TL;DR — In 2026 local inference splits cleanly into three tiers: a desktop GPU rig for anything above 14B, an Apple Silicon laptop for 30B–70B portable workloads, and a phone NPU for 3B–8B chat-grade models. Pick by model size and power budget. Don't try to make one tier do another's job.
The Three Tiers of Local Inference
Desktop GPU. RTX 3060 12GB to RTX 5090 32GB and beyond. The only tier where 70B Q4 fits comfortably without offload and where vLLM-class throughput is on the table. Wall power, big PSU, no battery.
Apple Silicon. M4 Max and M5 Max with 64–128GB unified memory. The only laptops that run 70B+ models without thermal collapse. Memory bandwidth (400–600 GB/s) is the differentiator, not GPU FLOPS. See Apple Silicon M-series benchmarks for the actual tok/s curve.
Mobile NPU. iPhone 16 Pro (A18 Pro) and Snapdragon 8 Elite Android phones. 7B Q4 models now run at 8–15 tok/s on-device. Power-limited and RAM-limited — but private, offline, and instant. The full hardware-and-app rundown is in our iPhone and Android LLM guide.
When Each Tier Wins
Privacy beats everything? Mobile wins. Nothing leaves the device, even on a plane.
Latency-sensitive coding agent? Desktop GPU. You want >40 tok/s on a 14B–32B coder, and only a discrete GPU delivers that consistently.
Hotel-room workflow, full 70B? Apple Silicon. The Apple Silicon decision guide lays out exactly when an M-series Mac beats a desktop card, and when it loses.
Battery life matters? Mobile or Apple Silicon, never a discrete GPU. A 4090 burns 350W under inference; an M4 Max burns 30–45W for the same 13B prompt.
7B Models Are the New Floor
The reason mobile is suddenly viable: Qwen 2.5 7B, Llama 3.2 3B, and Phi-4 mini are good enough for real chat work.

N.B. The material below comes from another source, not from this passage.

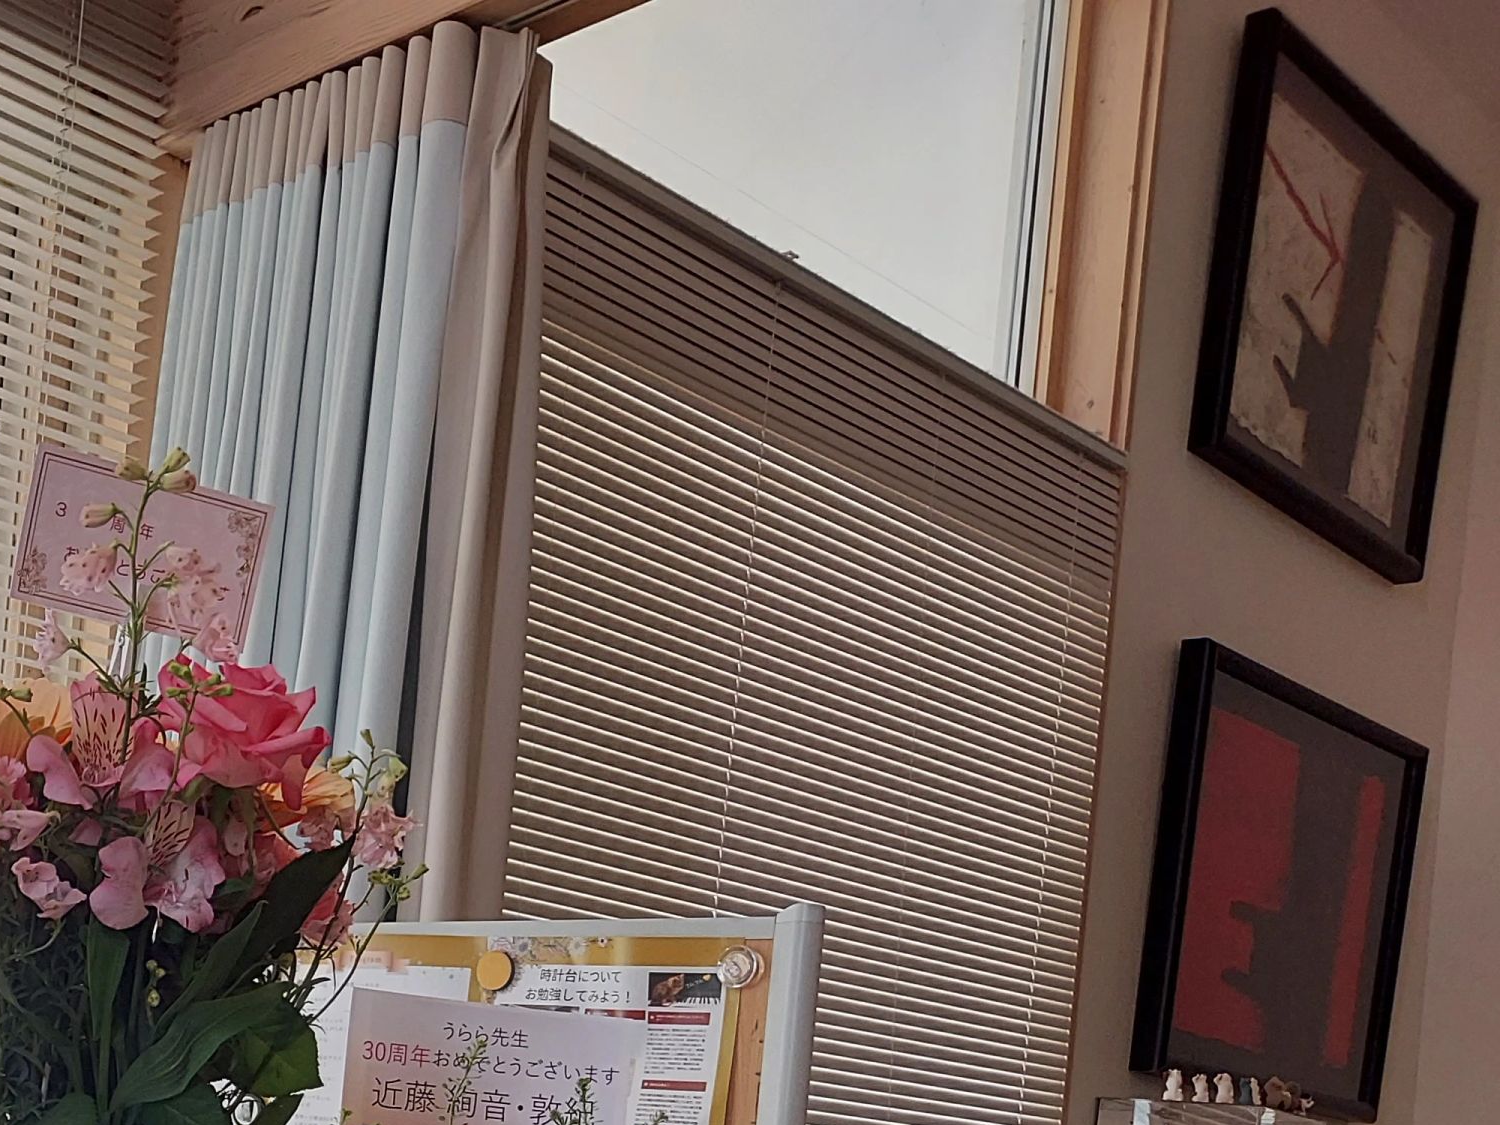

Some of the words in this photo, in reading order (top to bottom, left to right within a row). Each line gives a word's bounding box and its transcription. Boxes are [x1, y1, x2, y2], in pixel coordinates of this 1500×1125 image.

[539, 968, 622, 984] 時計台について
[443, 1022, 529, 1049] うらら先生
[372, 1076, 436, 1113] 近藤

Two years ago, sub-10B models were toys. In 2026 they handle summarization, light coding, and reasoning that used to need a 70B. That shift is what made the VRAM tier ladder so important — 8GB now buys you a working assistant, not a demo.
That same compression unlocks the phone tier. An iPhone 16 Pro with 8GB RAM can hold a Q4 7B and still have headroom for the OS.
Picking Your Stack
llama.cpp — universal. Runs on every tier above. Default for desktop CUDA, default for Vulkan/ROCm, the engine behind most mobile apps.
MLX — Apple-only, fastest on M-series. Use it on Mac. Don't try to port your MLX pipeline anywhere else. The MLX vs llama.cpp vs Ollama comparison shows the gap.
Ollama — best onboarding on desktop and Mac. Wraps llama.cpp. Use it if you don't want to think about flags.
MLC-LLM — mobile-first. Tensor-compiled per device. The right pick if you're shipping an Android or iOS app, not a desktop tool.
The mistake to avoid: trying to run the same stack everywhere. Each tier has a native runtime. Use it.